■ **Exercise objective**
Report the lines of the data below that contain the string "ABOUT".

Annotated photo localization data
········

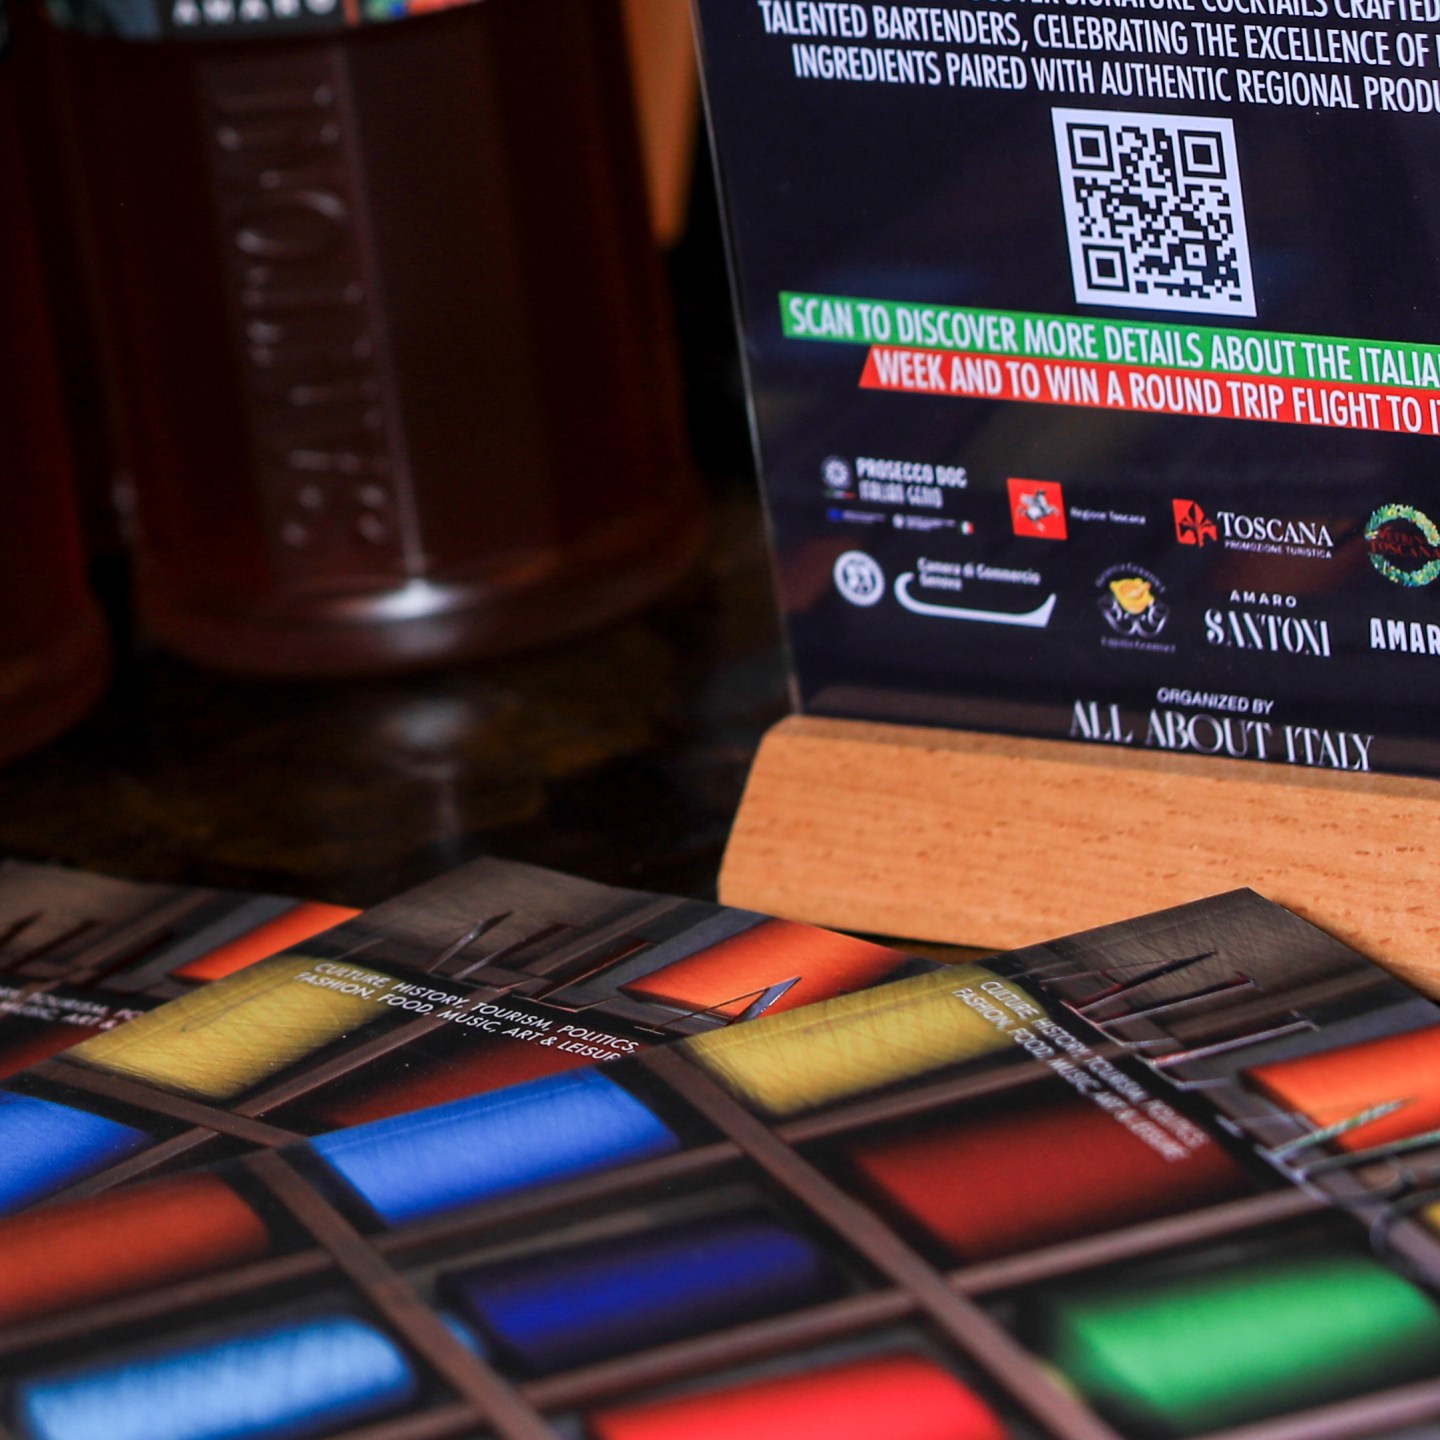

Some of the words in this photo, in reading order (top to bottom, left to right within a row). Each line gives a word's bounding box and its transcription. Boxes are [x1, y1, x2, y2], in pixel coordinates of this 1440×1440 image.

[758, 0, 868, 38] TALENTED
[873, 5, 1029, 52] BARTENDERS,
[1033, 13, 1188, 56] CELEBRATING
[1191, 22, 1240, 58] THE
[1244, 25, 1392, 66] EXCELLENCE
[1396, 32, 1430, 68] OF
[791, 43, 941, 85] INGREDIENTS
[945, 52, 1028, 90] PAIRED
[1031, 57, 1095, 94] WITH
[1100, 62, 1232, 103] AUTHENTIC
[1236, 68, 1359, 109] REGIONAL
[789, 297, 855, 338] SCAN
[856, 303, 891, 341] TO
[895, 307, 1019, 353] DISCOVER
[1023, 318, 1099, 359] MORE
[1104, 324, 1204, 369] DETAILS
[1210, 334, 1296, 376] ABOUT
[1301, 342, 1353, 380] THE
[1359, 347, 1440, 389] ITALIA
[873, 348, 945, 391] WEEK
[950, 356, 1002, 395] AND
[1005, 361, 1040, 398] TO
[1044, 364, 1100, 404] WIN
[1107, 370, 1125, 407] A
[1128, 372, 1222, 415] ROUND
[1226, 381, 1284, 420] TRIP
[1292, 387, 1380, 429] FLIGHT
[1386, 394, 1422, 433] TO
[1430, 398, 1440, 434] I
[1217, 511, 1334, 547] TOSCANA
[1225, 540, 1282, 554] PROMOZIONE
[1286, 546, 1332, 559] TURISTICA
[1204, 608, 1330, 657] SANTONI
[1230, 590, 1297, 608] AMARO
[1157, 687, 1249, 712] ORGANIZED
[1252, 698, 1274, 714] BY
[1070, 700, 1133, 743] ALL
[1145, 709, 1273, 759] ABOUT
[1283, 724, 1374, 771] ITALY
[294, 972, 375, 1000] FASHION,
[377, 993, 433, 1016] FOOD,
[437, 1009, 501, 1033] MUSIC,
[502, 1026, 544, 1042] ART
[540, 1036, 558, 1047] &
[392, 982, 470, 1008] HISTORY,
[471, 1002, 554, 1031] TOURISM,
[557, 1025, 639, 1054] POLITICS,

········

■ **Exercise response**
[1210, 334, 1296, 376] ABOUT
[1145, 709, 1273, 759] ABOUT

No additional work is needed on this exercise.